Forum Discussion
Azure ATP & Your Advanced Audit Policy
A common issue with many security products is the lack of visibility as to the configuration status of your connectors, events and data sources. Without proper configuration, you organization remains unprotected in key areas.
To ensure Azure ATP is receiving the correct windows events, providing you with maximum coverage, we’ve added a new audit policy check to the Azure ATP sensor.
The Azure ATP sensor installed on each domain controller now checks if your domain controller’s Advanced Audit Policy is configured correctly, and issues a health alert in the event of a misconfiguration.
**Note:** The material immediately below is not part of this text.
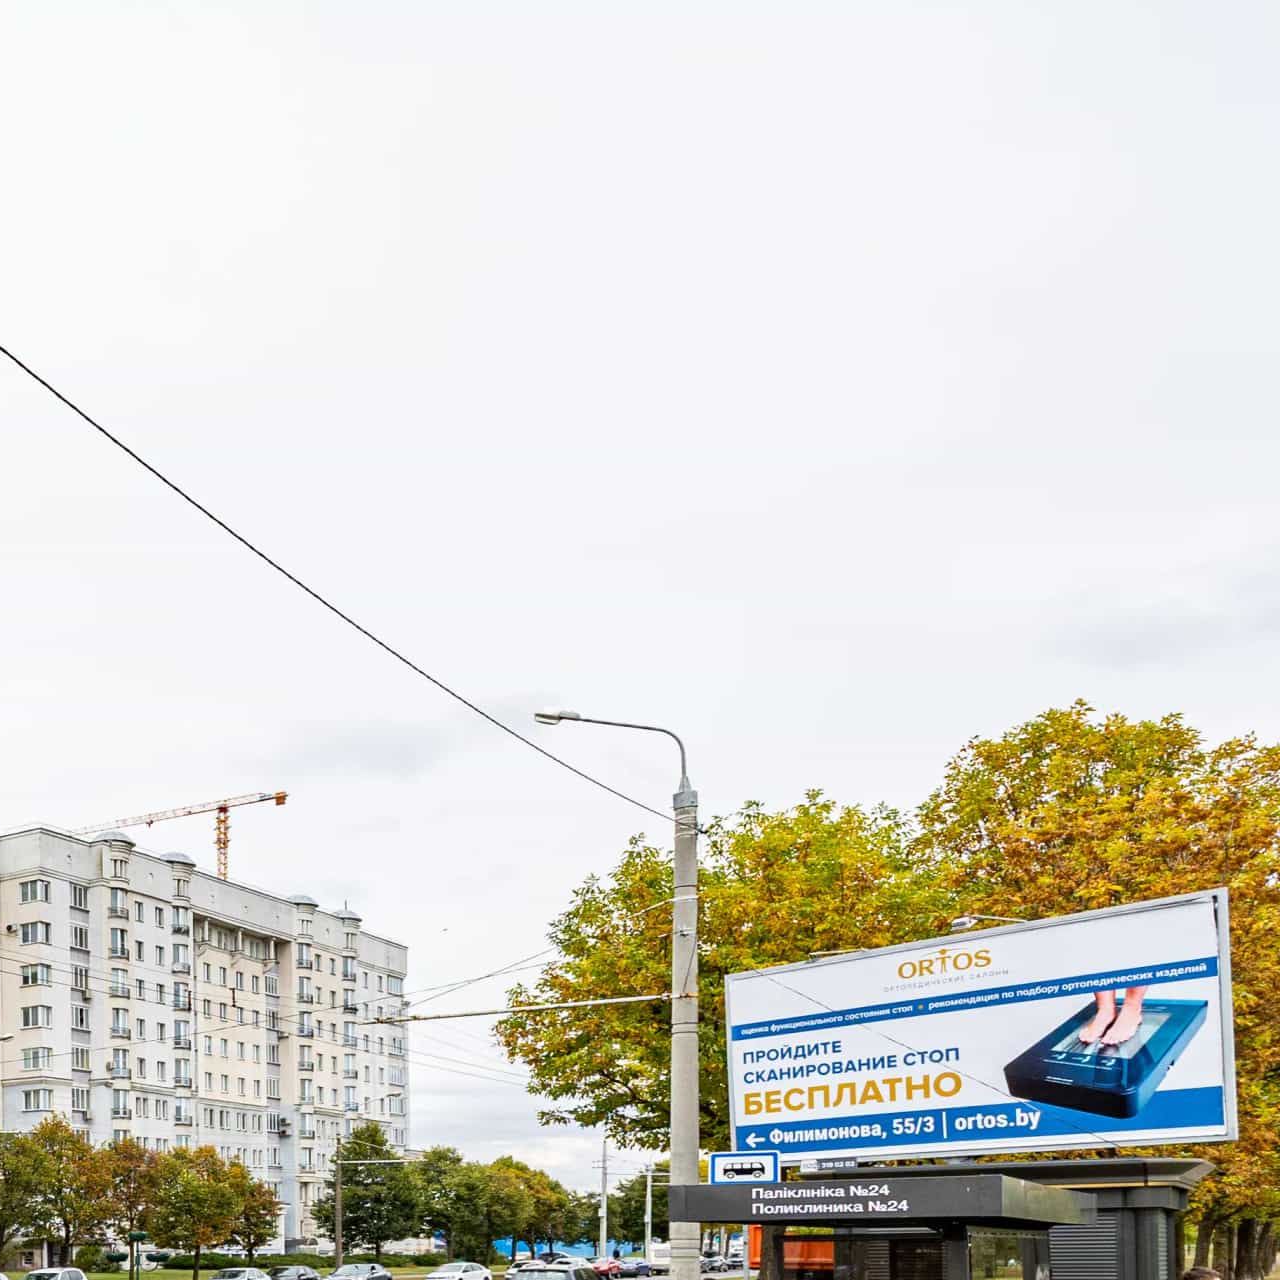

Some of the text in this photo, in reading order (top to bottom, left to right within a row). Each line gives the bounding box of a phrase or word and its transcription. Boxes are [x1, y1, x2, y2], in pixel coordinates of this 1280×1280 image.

The Advanced Audit Policy provides key information allowing Azure ATP to identify and alert you to group membership changes (what changes were made, and who made the change), enhanced detection for abnormal group modification alerts, and visibility to resource access via NTLM.
For more information and remediation steps: aka.ms/aatp/audit
Azure ATP, giving you more to protect your environment.
As always, your feedback is welcome. Stay tuned for additional updates.
12 Replies
I also see the same behavior. For it looks like a bug in how AzureATP detects that the GPO is missing. In my lab, I also edited the Default Domain Controller Policy, but the alert still stays in the AzureATP console.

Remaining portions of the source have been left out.